Sehr geehrter Herr Lauer,
gerne beantworte ich auch Ihre Rückfrage zur des "bestgeplanten Projekts".
In der frühen Planungsphase des Projekts Stuttgart 21 waren die verantwortlichen Ingenieure Stolz auf die Tiefe und Qualität der damaligen Planung. Zu den Besonderheiten des Projekts gehörte von Anfang an auch die Finanzierung, die von Anfang an maßgeblich zu einem großen Teil von der Bahn selbst getragen werden sollte. Das Projekt musste damit betriebs- wirtschaftlich wesentlich strengeren Anforderungen genügen als andere, im Wesentlichen volkswirtschaftlich gerechtfertigte, Projekte und wurde bereits innerhalb der Bahn entsprechend kritisch beäugt.
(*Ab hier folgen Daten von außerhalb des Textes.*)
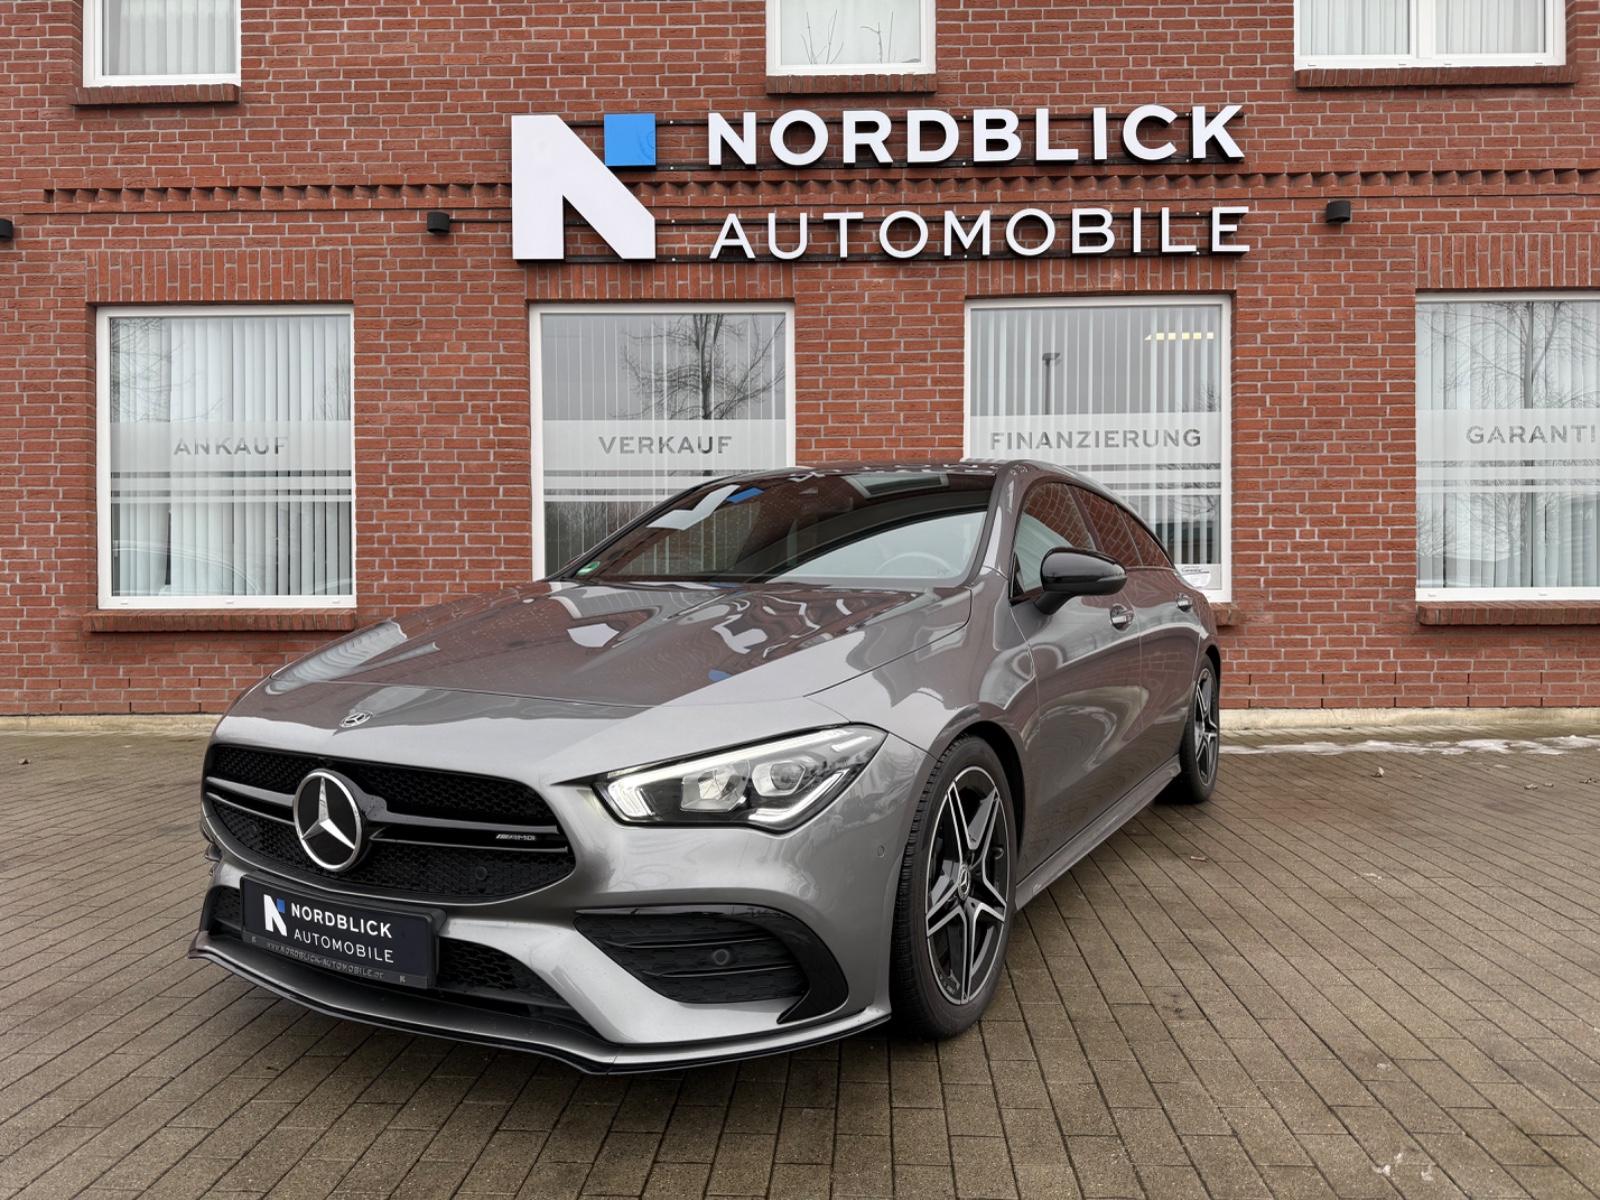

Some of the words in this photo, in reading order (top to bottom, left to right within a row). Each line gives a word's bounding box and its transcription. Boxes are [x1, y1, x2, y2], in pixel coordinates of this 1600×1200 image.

[708, 104, 1245, 167] NORDBLICK
[709, 206, 1250, 260] AUTOMOBILE
[174, 437, 288, 455] ANKAUF
[598, 436, 732, 454] VERKAUF
[990, 429, 1201, 450] FINANZIERUNG
[291, 902, 392, 939] NORDBLICK
[294, 928, 394, 964] AUTOMOBILE
Ein Novum war auch die Idee, weite Teile eines großen Bahnknotens unter die Erde zu verlegen und die dabei gewonnenen Flächen der Stadtentwicklung zur Verfügung zu Stellen. Diese neue Idee, die weit über den vielfach praktizierten Neu- und Ausbau von Strecken hinausging – warf natürlich bereits innerhalb der Bahn eine Vielzahl von Fragen auf und führte auch zu zahlreichen Fachdiskussionen.
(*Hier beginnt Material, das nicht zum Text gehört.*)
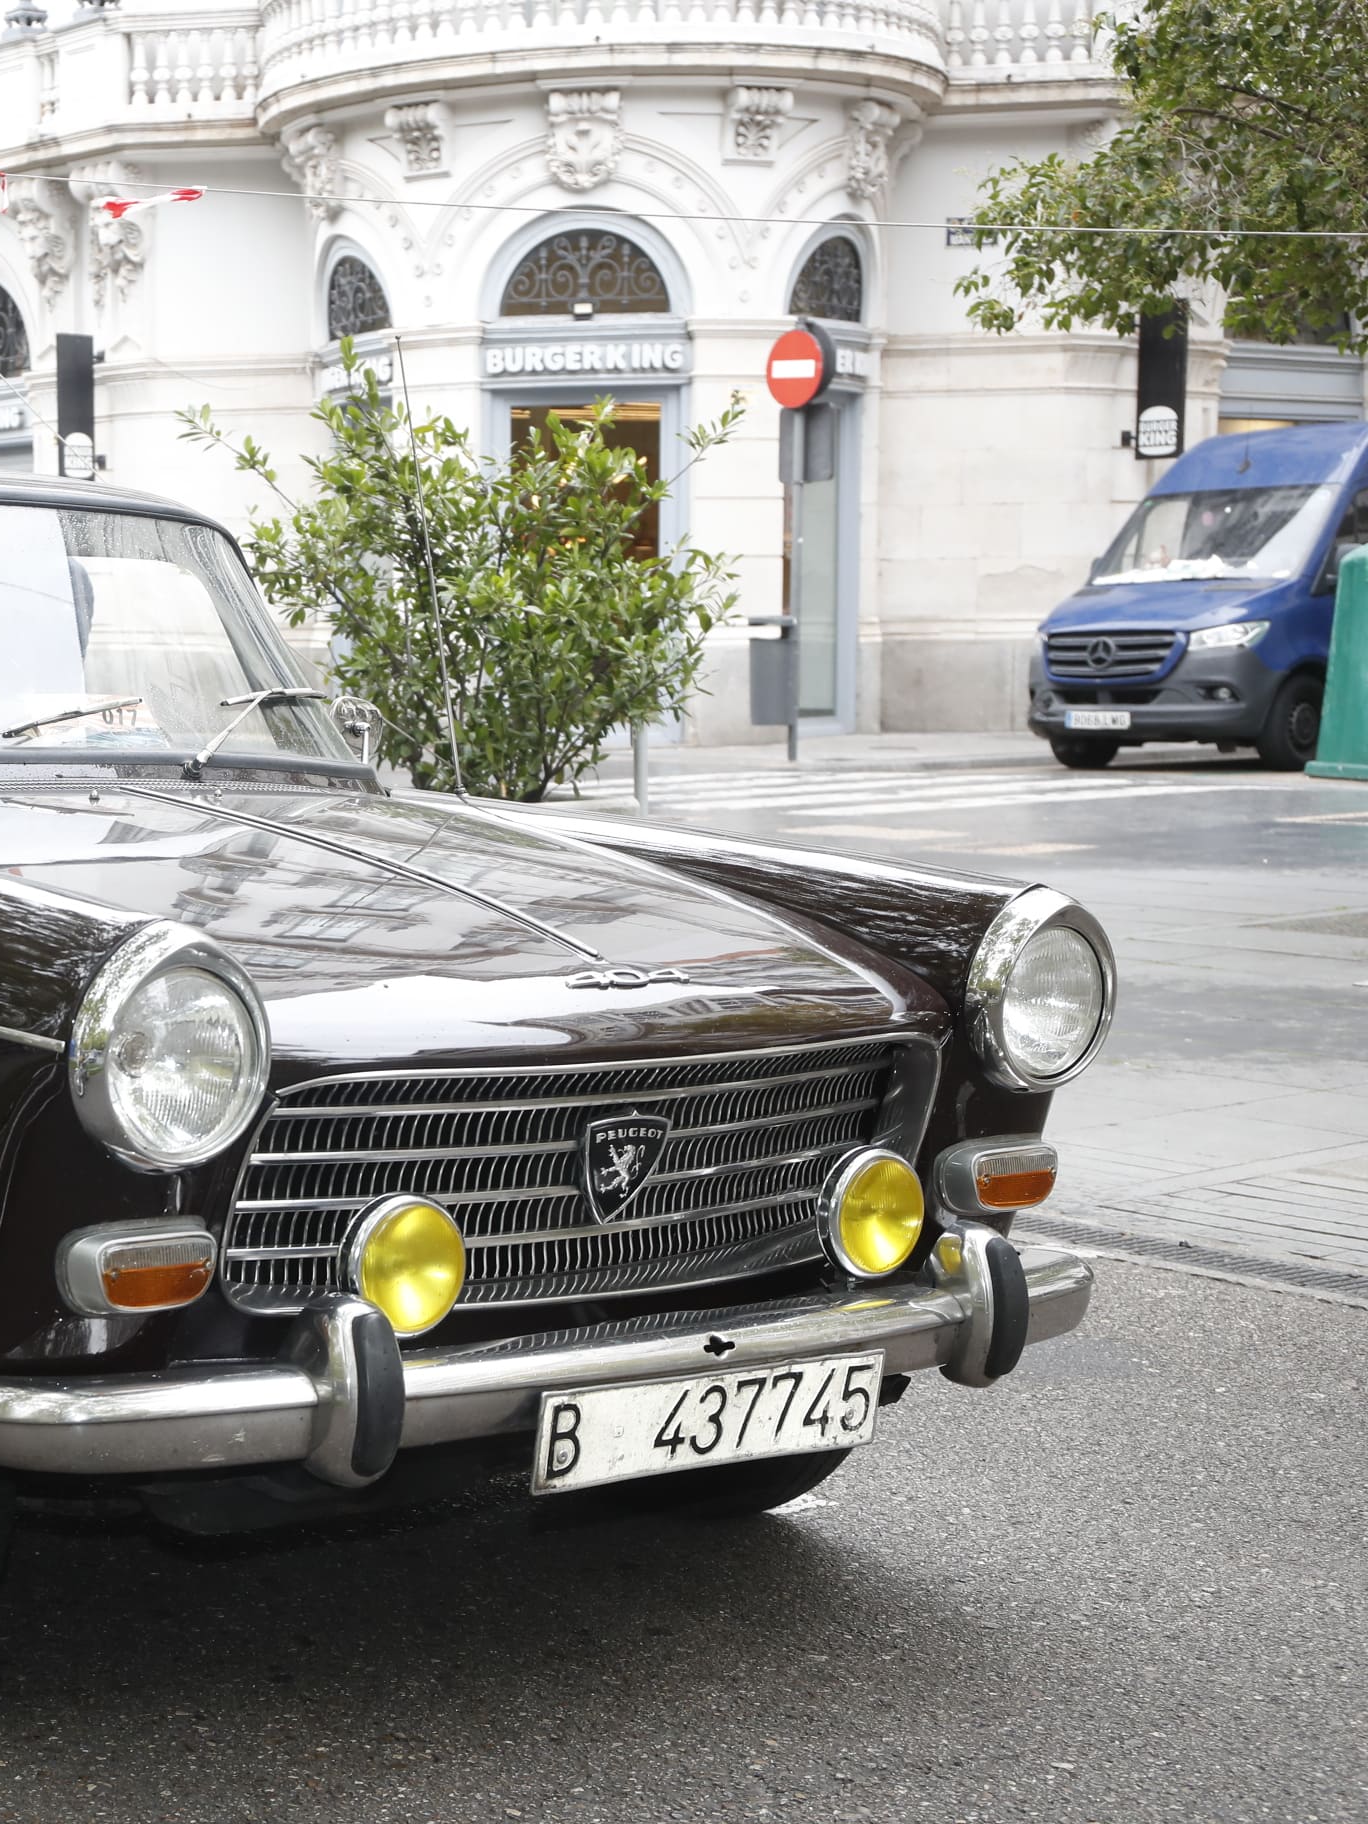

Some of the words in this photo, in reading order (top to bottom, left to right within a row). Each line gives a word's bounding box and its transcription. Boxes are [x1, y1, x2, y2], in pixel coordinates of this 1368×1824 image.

Schon als die ersten derartigen Ideen Ende der 1980er Jahre bei der damaligen Bundesbahn diskutiert wurden, wurden diese Gedanken natürlich kritisch hinterfragt. Im Laufe der Jahre schauten dem Projekt eine Vielzahl von internen und externen Gutachtern auf die Finger, mussten unzählige kritische Fragen beantwortet und abgearbeitet werden. Allein die Zahl der im Laufe der Jahre durchgeführten wirtschaftlichen Prüfungen lässt sich heute kaum noch überblicken.
In den frühen Jahren des Projekts war der Aufwand, der für die Planung betrieben wurde, damit durchaus ungewöhnlich. Das Vorhaben konnte daher als durchaus "bestgeplant" unter Projekten vergleichbarer Planungstiefe im Portfolio der Deutschen Bahn AG gelten.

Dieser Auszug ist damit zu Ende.